#### TASK DIRECTIONS
The records should be repeated word for word, pictures excluded.

[[ RECORDS FOR THIS EXERCISE open ]]

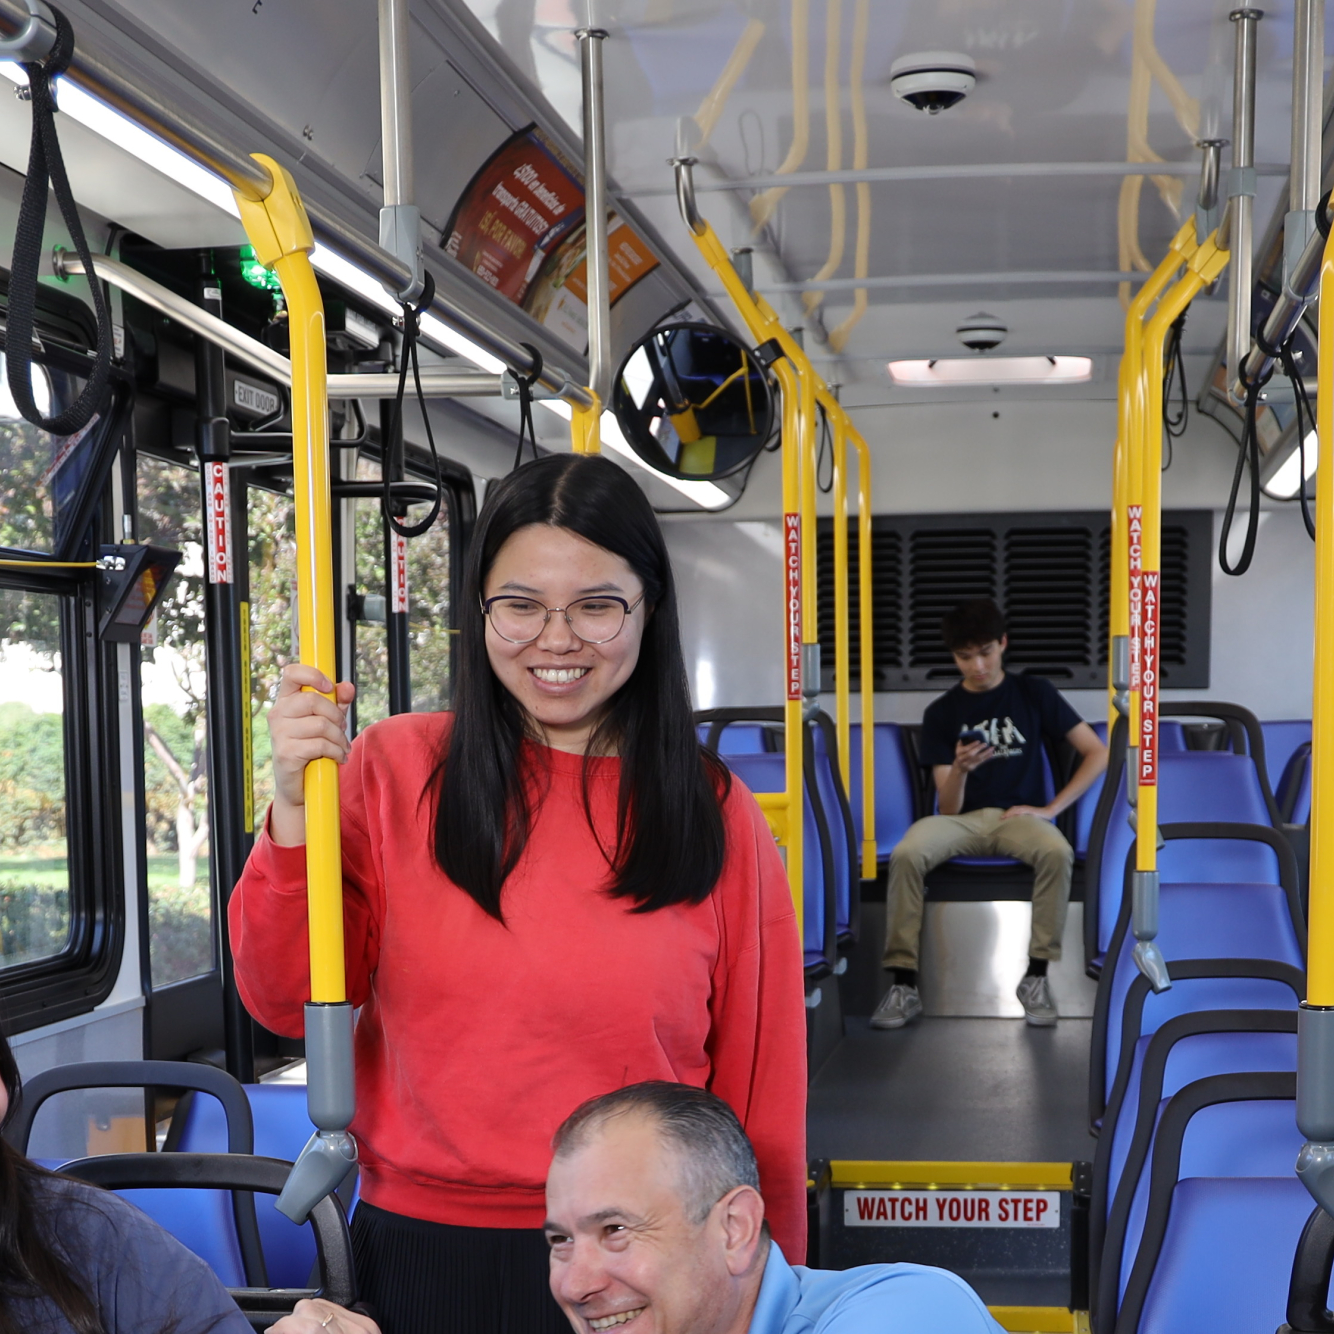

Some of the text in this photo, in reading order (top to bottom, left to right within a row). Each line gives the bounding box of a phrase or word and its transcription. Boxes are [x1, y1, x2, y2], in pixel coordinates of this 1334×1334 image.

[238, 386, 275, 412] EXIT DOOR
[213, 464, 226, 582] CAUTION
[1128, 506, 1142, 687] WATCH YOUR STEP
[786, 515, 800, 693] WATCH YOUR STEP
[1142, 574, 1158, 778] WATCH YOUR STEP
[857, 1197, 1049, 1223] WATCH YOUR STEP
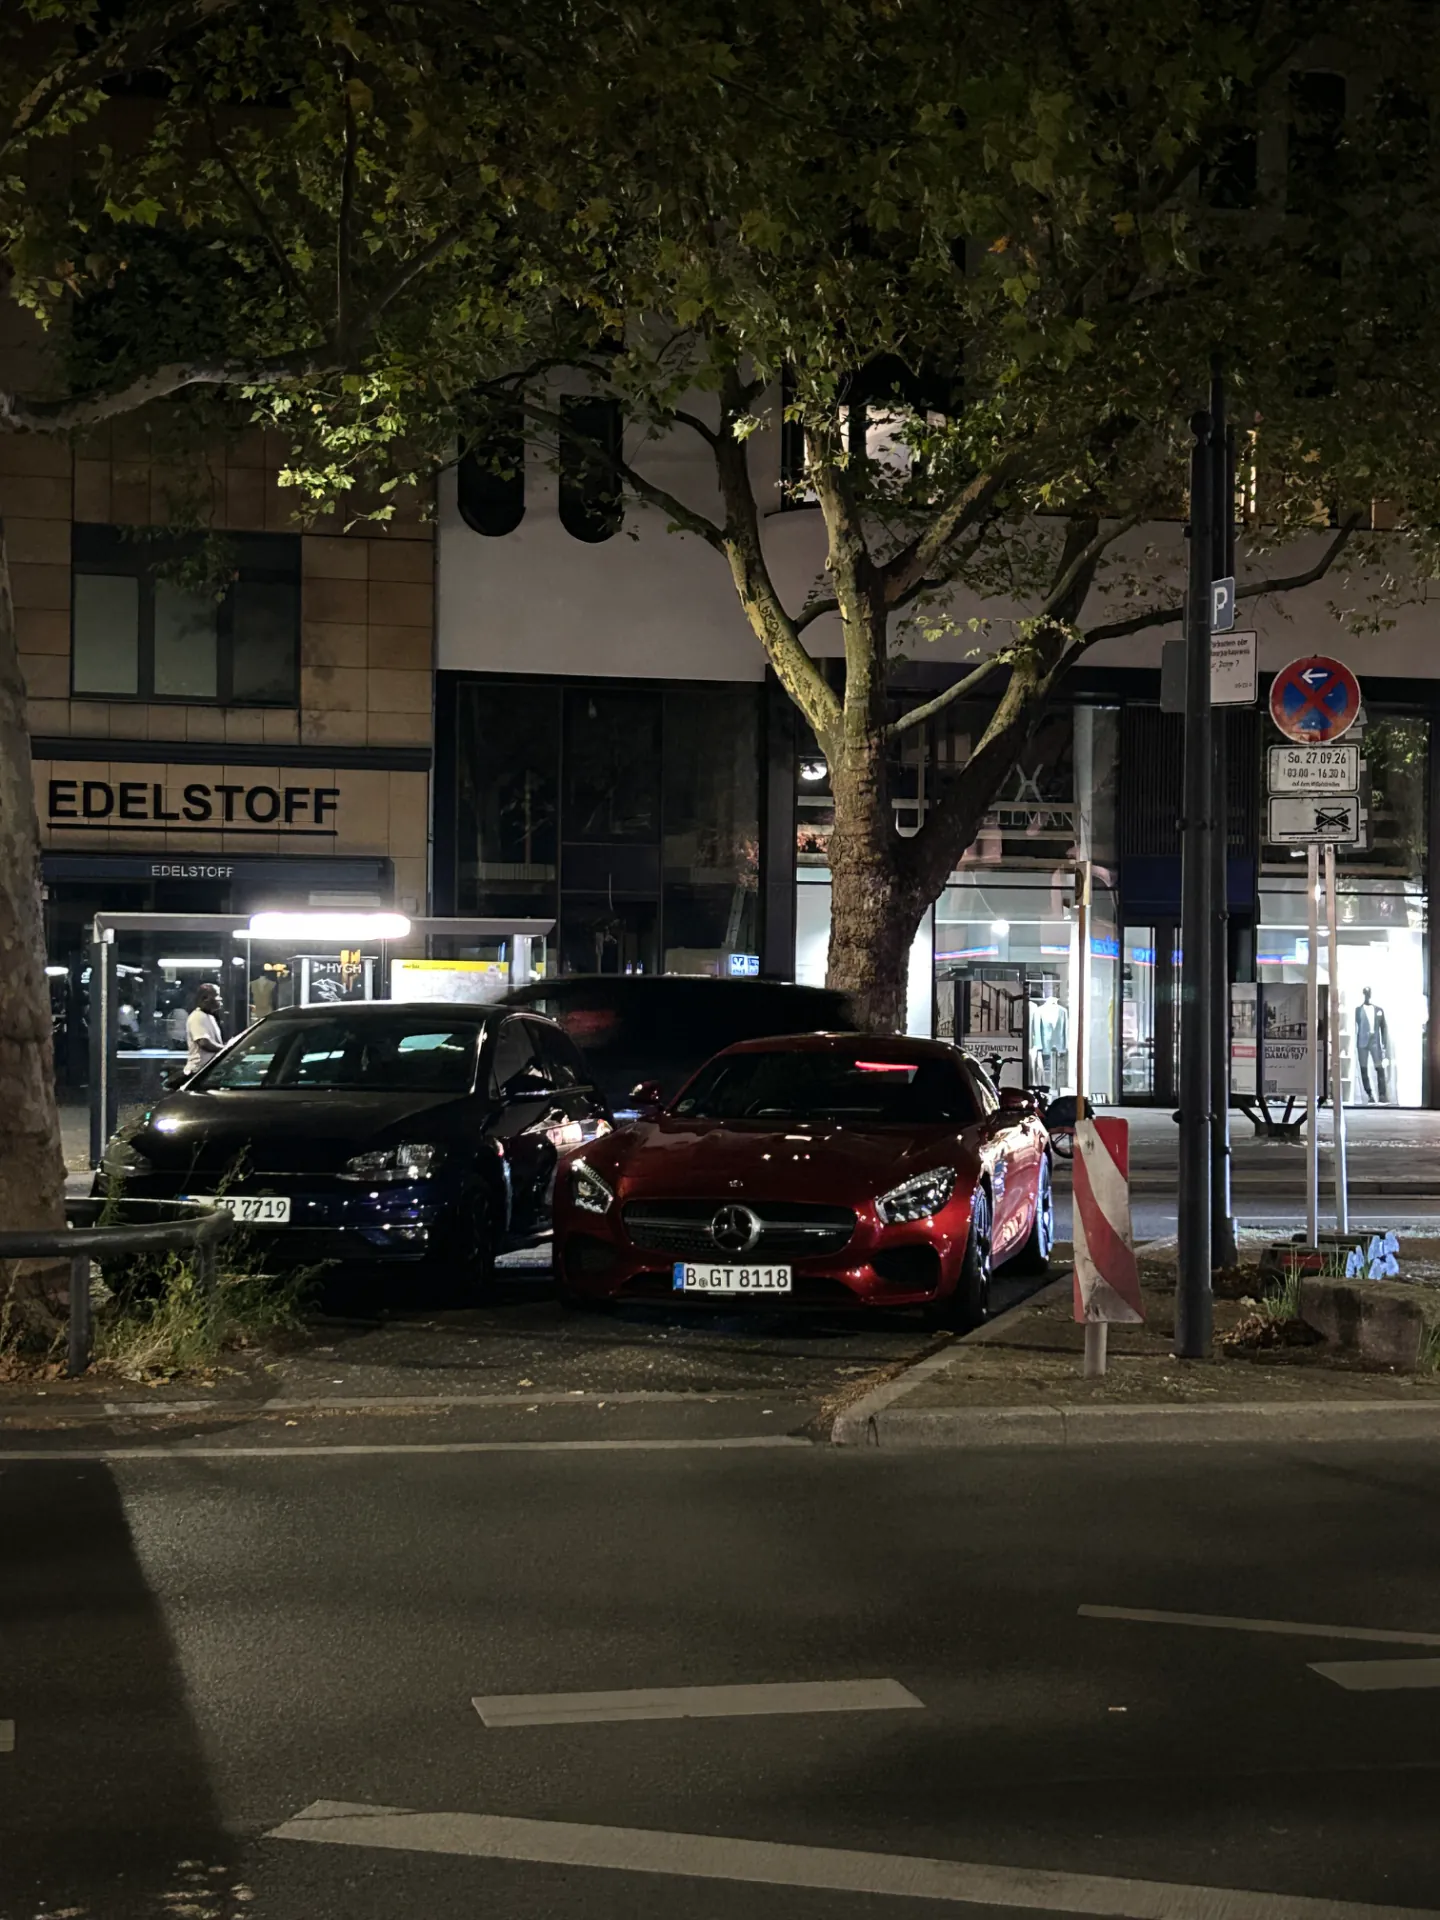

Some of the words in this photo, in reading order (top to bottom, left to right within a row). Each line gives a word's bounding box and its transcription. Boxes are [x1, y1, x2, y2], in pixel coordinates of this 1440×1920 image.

[[ RECORDS FOR THIS EXERCISE closed ]]

#### RESULT OF THE EXERCISE
Some of the text in this photo, in reading order (top to bottom, left to right within a row). Each line gives the bounding box of a phrase or word and its transcription. Boxes are [x1, y1, x2, y2], in pixel coordinates of this 1334×1334 image.

[238, 386, 275, 412] EXIT DOOR
[213, 464, 226, 582] CAUTION
[1128, 506, 1142, 687] WATCH YOUR STEP
[786, 515, 800, 693] WATCH YOUR STEP
[1142, 574, 1158, 778] WATCH YOUR STEP
[857, 1197, 1049, 1223] WATCH YOUR STEP

Some of the words in this photo, in reading order (top to bottom, left to right within a row). Each line gives a word's bounding box and its transcription. Boxes are [x1, y1, x2, y2], in pixel coordinates of this 1440×1920 image.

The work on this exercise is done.